→ TASK BRIEF
Output the records exactly, every one of them.

═════ SUPPLIED RECORDS ═════

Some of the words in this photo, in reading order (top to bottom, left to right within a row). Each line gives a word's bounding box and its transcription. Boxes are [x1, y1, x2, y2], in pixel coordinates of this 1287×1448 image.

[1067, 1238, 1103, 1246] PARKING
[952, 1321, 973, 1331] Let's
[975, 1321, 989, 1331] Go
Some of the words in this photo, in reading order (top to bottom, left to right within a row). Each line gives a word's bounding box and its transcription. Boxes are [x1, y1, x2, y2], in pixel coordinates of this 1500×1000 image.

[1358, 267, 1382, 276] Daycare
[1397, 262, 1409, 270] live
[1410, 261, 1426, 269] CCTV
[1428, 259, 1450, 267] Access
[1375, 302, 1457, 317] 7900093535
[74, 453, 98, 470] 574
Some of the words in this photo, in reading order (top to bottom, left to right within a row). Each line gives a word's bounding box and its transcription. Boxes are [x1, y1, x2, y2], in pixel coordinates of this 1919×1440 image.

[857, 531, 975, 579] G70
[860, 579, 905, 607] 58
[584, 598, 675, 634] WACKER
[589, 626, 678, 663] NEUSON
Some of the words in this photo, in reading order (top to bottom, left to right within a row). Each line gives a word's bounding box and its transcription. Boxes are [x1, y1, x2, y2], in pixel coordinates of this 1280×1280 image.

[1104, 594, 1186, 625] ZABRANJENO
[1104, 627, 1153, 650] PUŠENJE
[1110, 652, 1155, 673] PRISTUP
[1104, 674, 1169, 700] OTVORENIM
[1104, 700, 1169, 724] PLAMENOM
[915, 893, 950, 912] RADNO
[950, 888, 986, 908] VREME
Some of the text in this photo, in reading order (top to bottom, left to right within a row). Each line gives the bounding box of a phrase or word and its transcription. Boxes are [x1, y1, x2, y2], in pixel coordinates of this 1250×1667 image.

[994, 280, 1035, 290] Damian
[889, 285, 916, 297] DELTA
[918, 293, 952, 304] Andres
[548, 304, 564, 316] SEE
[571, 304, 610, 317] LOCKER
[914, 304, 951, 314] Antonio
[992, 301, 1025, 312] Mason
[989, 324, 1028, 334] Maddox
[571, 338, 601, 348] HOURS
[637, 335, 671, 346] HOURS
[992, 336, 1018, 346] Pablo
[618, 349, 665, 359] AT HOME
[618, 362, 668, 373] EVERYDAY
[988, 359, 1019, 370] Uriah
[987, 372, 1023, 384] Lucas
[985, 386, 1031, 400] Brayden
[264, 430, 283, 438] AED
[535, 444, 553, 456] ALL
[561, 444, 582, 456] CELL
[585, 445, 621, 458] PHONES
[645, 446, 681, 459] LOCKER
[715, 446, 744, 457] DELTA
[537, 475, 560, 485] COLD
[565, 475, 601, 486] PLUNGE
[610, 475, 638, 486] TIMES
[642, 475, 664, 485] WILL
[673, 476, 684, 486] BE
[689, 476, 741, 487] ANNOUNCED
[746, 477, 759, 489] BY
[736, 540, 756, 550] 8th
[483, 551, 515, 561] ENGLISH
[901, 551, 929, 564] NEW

═════

→ EXERCISE OUTPUT
Some of the words in this photo, in reading order (top to bottom, left to right within a row). Each line gives a word's bounding box and its transcription. Boxes are [x1, y1, x2, y2], in pixel coordinates of this 1287×1448 image.

[1067, 1238, 1103, 1246] PARKING
[952, 1321, 973, 1331] Let's
[975, 1321, 989, 1331] Go
Some of the words in this photo, in reading order (top to bottom, left to right within a row). Each line gives a word's bounding box and its transcription. Boxes are [x1, y1, x2, y2], in pixel coordinates of this 1500×1000 image.

[1358, 267, 1382, 276] Daycare
[1397, 262, 1409, 270] live
[1410, 261, 1426, 269] CCTV
[1428, 259, 1450, 267] Access
[1375, 302, 1457, 317] 7900093535
[74, 453, 98, 470] 574
Some of the words in this photo, in reading order (top to bottom, left to right within a row). Each line gives a word's bounding box and its transcription. Boxes are [x1, y1, x2, y2], in pixel coordinates of this 1919×1440 image.

[857, 531, 975, 579] G70
[860, 579, 905, 607] 58
[584, 598, 675, 634] WACKER
[589, 626, 678, 663] NEUSON
Some of the words in this photo, in reading order (top to bottom, left to right within a row). Each line gives a word's bounding box and its transcription. Boxes are [x1, y1, x2, y2], in pixel coordinates of this 1280×1280 image.

[1104, 594, 1186, 625] ZABRANJENO
[1104, 627, 1153, 650] PUŠENJE
[1110, 652, 1155, 673] PRISTUP
[1104, 674, 1169, 700] OTVORENIM
[1104, 700, 1169, 724] PLAMENOM
[915, 893, 950, 912] RADNO
[950, 888, 986, 908] VREME
Some of the text in this photo, in reading order (top to bottom, left to right within a row). Each line gives the bounding box of a phrase or word and its transcription. Boxes are [x1, y1, x2, y2], in pixel coordinates of this 1250×1667 image.

[994, 280, 1035, 290] Damian
[889, 285, 916, 297] DELTA
[918, 293, 952, 304] Andres
[548, 304, 564, 316] SEE
[571, 304, 610, 317] LOCKER
[914, 304, 951, 314] Antonio
[992, 301, 1025, 312] Mason
[989, 324, 1028, 334] Maddox
[571, 338, 601, 348] HOURS
[637, 335, 671, 346] HOURS
[992, 336, 1018, 346] Pablo
[618, 349, 665, 359] AT HOME
[618, 362, 668, 373] EVERYDAY
[988, 359, 1019, 370] Uriah
[987, 372, 1023, 384] Lucas
[985, 386, 1031, 400] Brayden
[264, 430, 283, 438] AED
[535, 444, 553, 456] ALL
[561, 444, 582, 456] CELL
[585, 445, 621, 458] PHONES
[645, 446, 681, 459] LOCKER
[715, 446, 744, 457] DELTA
[537, 475, 560, 485] COLD
[565, 475, 601, 486] PLUNGE
[610, 475, 638, 486] TIMES
[642, 475, 664, 485] WILL
[673, 476, 684, 486] BE
[689, 476, 741, 487] ANNOUNCED
[746, 477, 759, 489] BY
[736, 540, 756, 550] 8th
[483, 551, 515, 561] ENGLISH
[901, 551, 929, 564] NEW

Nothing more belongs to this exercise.